L’energia geotermica può svolgere un ruolo chiave anche nella transizione digitale: la domanda dei data center globali, destinata a più che raddoppiare entro l’inizio degli anni ’30, può essere in parte soddisfatta da centrali geotermiche stabili e sempre disponibili. Negli Stati Uniti, secondo Project InnerSpace, fino al 64% della domanda dei nuovi data center potrebbe essere coperta economicamente dalla geotermia entro il 2030. In Europa, simili iniziative rimangono ancora limitate.

Profondità e costi sotto controllo

L’accesso a risorse più profonde e calde ha ampliato il potenziale tecnico-economico dell’Europa. Pozzi più profondi, fino a 5.000–7.000 metri, possono incrementare il potenziale di decine o centinaia di volte rispetto alle stime basate sui 2.000 metri.
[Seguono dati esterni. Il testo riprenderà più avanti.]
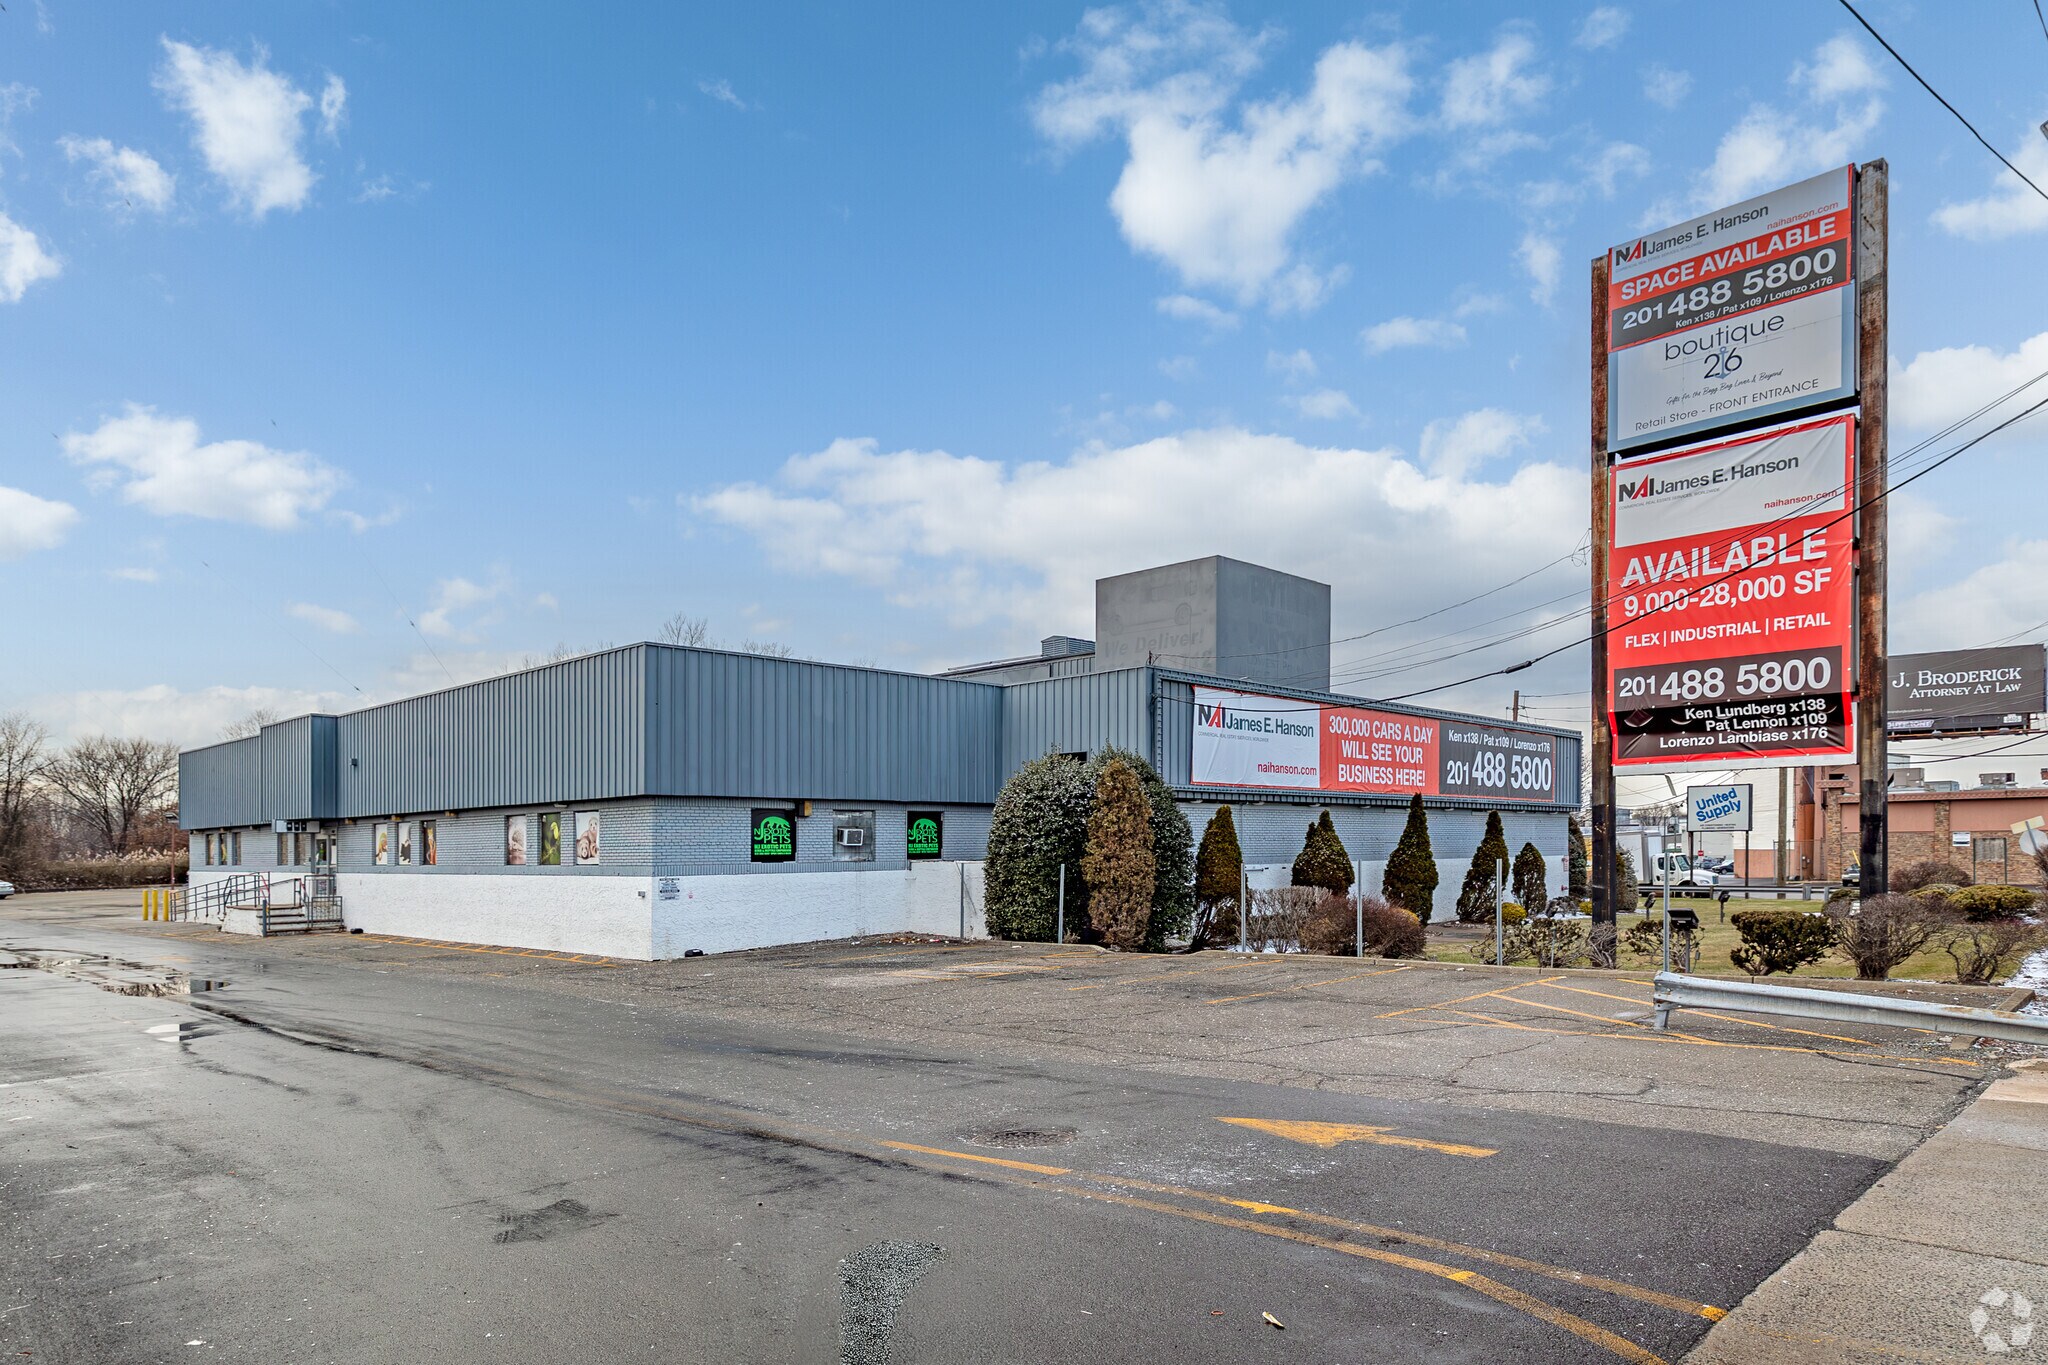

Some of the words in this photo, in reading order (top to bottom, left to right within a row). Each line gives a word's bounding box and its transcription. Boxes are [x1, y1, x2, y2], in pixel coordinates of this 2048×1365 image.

[1767, 201, 1839, 230] naihanson.com
[1616, 239, 1647, 266] NAI
[1648, 232, 1692, 254] James
[1697, 224, 1709, 238] E.
[1714, 206, 1769, 232] Hanson
[1621, 262, 1694, 300] SPACE
[1700, 216, 1836, 276] AVAILABLE
[1622, 302, 1664, 330] 201
[1667, 280, 1732, 317] 488
[1742, 247, 1837, 296] 5800
[1675, 317, 1693, 329] Ken
[1694, 311, 1715, 324] x138
[1722, 304, 1738, 316] Pat
[1740, 297, 1762, 312] x109
[1769, 285, 1808, 302] Lorenzo
[1809, 276, 1833, 290] x176
[1665, 315, 1785, 361] boutique
[1703, 348, 1743, 379] 26
[1758, 369, 1784, 381] Beyond
[1635, 415, 1666, 431] Retail
[1669, 408, 1699, 422] Store
[1709, 395, 1748, 413] FRONT
[1752, 378, 1819, 403] ENTRANCE
[1619, 474, 1654, 502] NAI
[1655, 475, 1709, 495] James
[1712, 468, 1728, 484] E.
[1731, 456, 1799, 481] Hanson
[1764, 489, 1838, 510] naihanson.com
[1620, 527, 1828, 588] AVAILABLE
[1624, 574, 1786, 619] 9,000-28,000
[1794, 567, 1832, 595] SF
[1135, 629, 1204, 653] Deliver!
[1625, 633, 1660, 648] FLEX
[1670, 621, 1761, 643] INDUSTRIAL
[1773, 612, 1831, 631] RETAIL
[1619, 675, 1656, 698] 201
[1660, 667, 1725, 701] 488
[1736, 656, 1832, 696] 5800
[1891, 672, 1911, 688] J.
[1917, 667, 2022, 687] BRODERICK
[1198, 701, 1226, 728] NAI
[1226, 713, 1262, 732] James
[1264, 717, 1274, 733] E.
[1275, 719, 1314, 737] Hanson
[1685, 708, 1715, 720] Ken
[1716, 701, 1786, 718] Lundberg
[1789, 698, 1826, 712] x138
[1706, 720, 1730, 731] Pat
[1733, 715, 1788, 730] Lennon
[1791, 712, 1828, 726] x109
[1329, 715, 1370, 738] 300,000
[1372, 720, 1401, 741] CARS
[1403, 725, 1411, 742] A
[1413, 726, 1433, 744] DAY
[1448, 729, 1463, 742] Ken
[1463, 732, 1479, 744] x138
[1483, 735, 1494, 746] Pat
[1495, 736, 1510, 748] x109
[1513, 738, 1537, 752] Lorenzo
[1537, 743, 1551, 753] x176
[1660, 735, 1714, 748] Lorenzo
[1718, 730, 1788, 744] Lambiase
[1792, 727, 1828, 740] x176
[1341, 740, 1369, 759] WILL
[1371, 742, 1392, 761] SEE
[1394, 745, 1423, 764] YOUR
[1257, 761, 1317, 775] naihanson.com
[1338, 763, 1393, 784] BUSINESS
[1395, 768, 1425, 786] HERE!
[1446, 760, 1469, 785] 201
[1471, 751, 1506, 788] 488
[1510, 754, 1552, 791] 5800
[1695, 787, 1738, 810] United
[1695, 800, 1741, 822] Supply
[763, 834, 791, 843] PETS
[915, 834, 938, 843] PETS
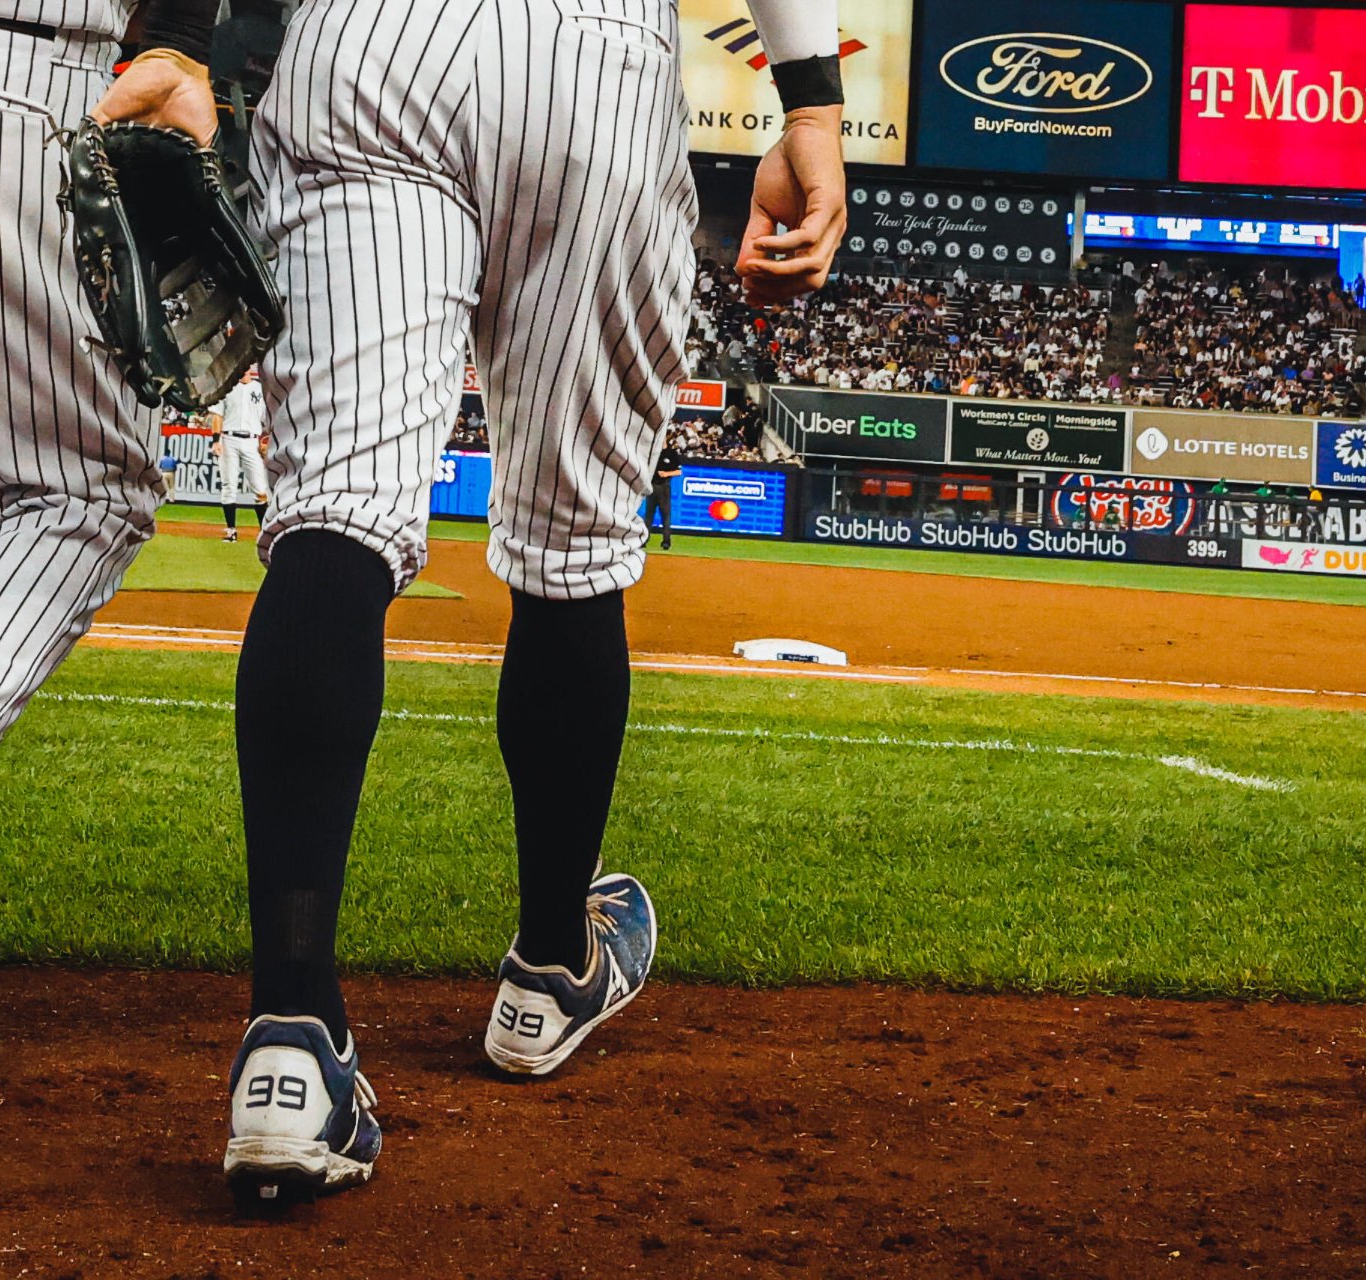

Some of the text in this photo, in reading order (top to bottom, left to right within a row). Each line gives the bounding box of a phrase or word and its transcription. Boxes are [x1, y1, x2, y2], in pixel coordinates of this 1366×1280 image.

[977, 42, 1116, 101] Ford
[741, 114, 773, 130] OF
[974, 117, 1112, 137] BuyFordNow.com
[873, 211, 987, 236] New York Yankees
[799, 411, 917, 439] Uber Eats
[960, 409, 1046, 422] Workmen's Circle
[1056, 415, 1117, 427] Morningside
[975, 447, 1002, 459] What
[1004, 449, 1041, 461] Matters
[1078, 454, 1102, 465] You!
[1173, 438, 1309, 460] LOTTE HOTELS
[815, 515, 1126, 556] StubHub StubHub StubHub
[497, 1000, 544, 1038] 99
[246, 1075, 307, 1111] 99
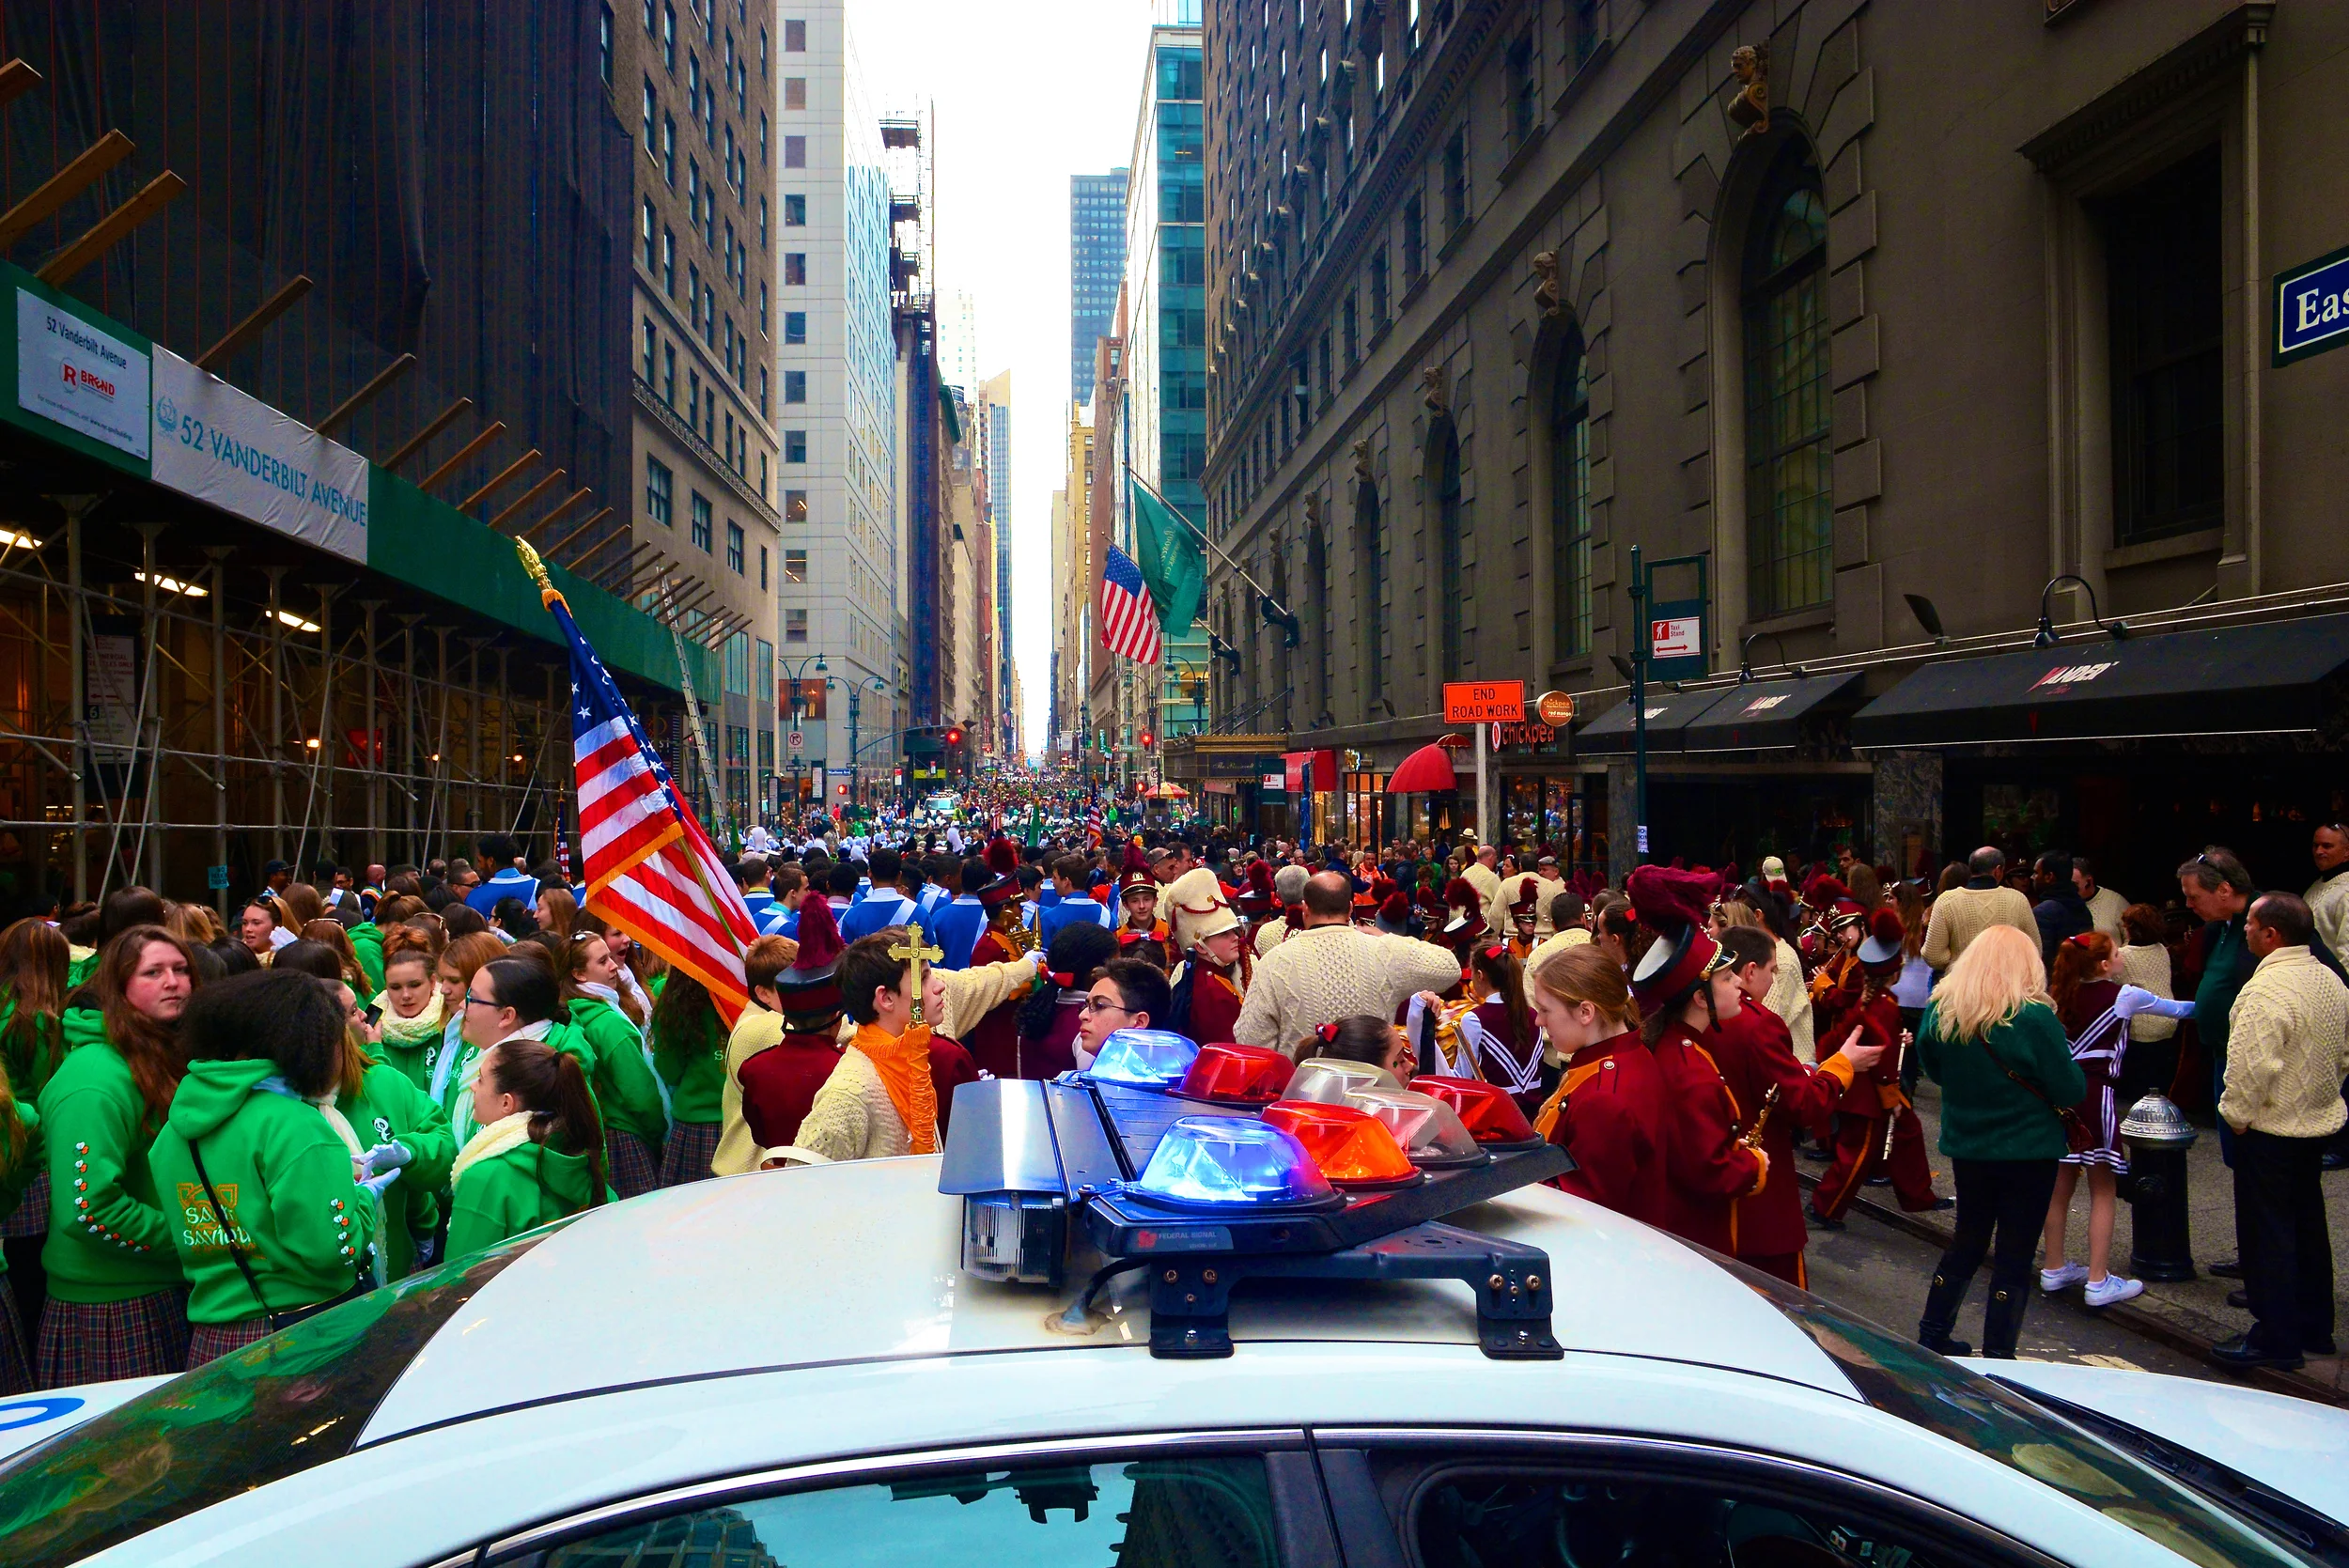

Le tecniche di perforazione adattate dal settore petrolifero hanno ridotto i costi dei pozzi di circa il 40%, rendendo accessibili giacimenti prima inarrivabili.

Il costo livellato dell’elettricità geotermica si attesta già attorno ai 60 $/MWh, inferiore a quello della maggior parte delle centrali a combustibili fossili. La combinazione di costi bassi, produzione stabile e minore esposizione alla volatilità dei prezzi dei combustibili colloca la geotermia – conclude l’analisi – tra le soluzioni più competitive per la decarbonizzazione industriale e la sicurezza energetica europea.